* **Work instruction**: Print every entry exactly once more, omitting each picture.

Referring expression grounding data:

════

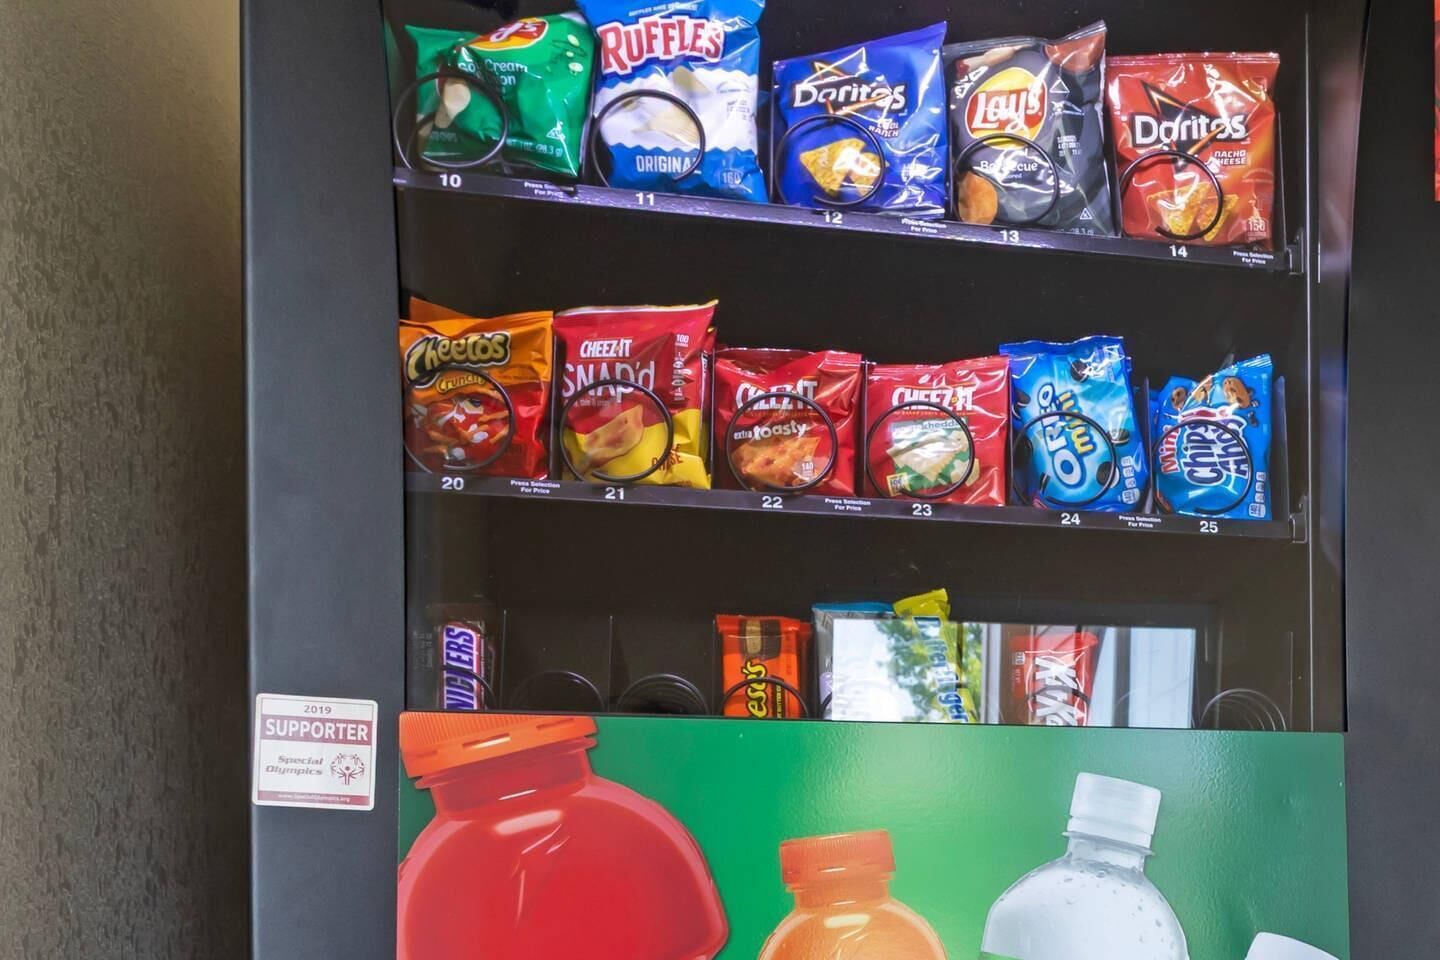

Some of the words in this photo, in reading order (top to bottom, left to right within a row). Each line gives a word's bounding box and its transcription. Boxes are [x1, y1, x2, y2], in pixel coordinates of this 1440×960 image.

[600, 19, 722, 72] RUFFLES
[793, 83, 906, 111] Doritos
[972, 89, 1042, 132] Lay's
[1136, 114, 1247, 145] Doritos
[440, 174, 462, 188] 10
[636, 192, 655, 206] 11
[823, 211, 843, 224] 12
[1000, 230, 1019, 243] 13
[1170, 245, 1188, 258] 14
[406, 332, 510, 384] Cheetos
[753, 420, 808, 440] toasty
[1159, 424, 1181, 474] Mini
[1183, 421, 1225, 485] Chips
[441, 477, 464, 490] 20
[530, 481, 560, 489] Selection
[605, 487, 625, 500] 21
[762, 496, 783, 508] 22
[912, 503, 932, 516] 23
[1061, 512, 1081, 525] 24
[1199, 521, 1219, 533] 25
[304, 705, 332, 714] 2019
[265, 718, 369, 741] SUPPORTER
[278, 755, 324, 765] Special
[265, 765, 323, 776] Olympics

════

* **Task response**:
Some of the words in this photo, in reading order (top to bottom, left to right within a row). Each line gives a word's bounding box and its transcription. Boxes are [x1, y1, x2, y2], in pixel coordinates of this 1440×960 image.

[600, 19, 722, 72] RUFFLES
[793, 83, 906, 111] Doritos
[972, 89, 1042, 132] Lay's
[1136, 114, 1247, 145] Doritos
[440, 174, 462, 188] 10
[636, 192, 655, 206] 11
[823, 211, 843, 224] 12
[1000, 230, 1019, 243] 13
[1170, 245, 1188, 258] 14
[406, 332, 510, 384] Cheetos
[753, 420, 808, 440] toasty
[1159, 424, 1181, 474] Mini
[1183, 421, 1225, 485] Chips
[441, 477, 464, 490] 20
[530, 481, 560, 489] Selection
[605, 487, 625, 500] 21
[762, 496, 783, 508] 22
[912, 503, 932, 516] 23
[1061, 512, 1081, 525] 24
[1199, 521, 1219, 533] 25
[304, 705, 332, 714] 2019
[265, 718, 369, 741] SUPPORTER
[278, 755, 324, 765] Special
[265, 765, 323, 776] Olympics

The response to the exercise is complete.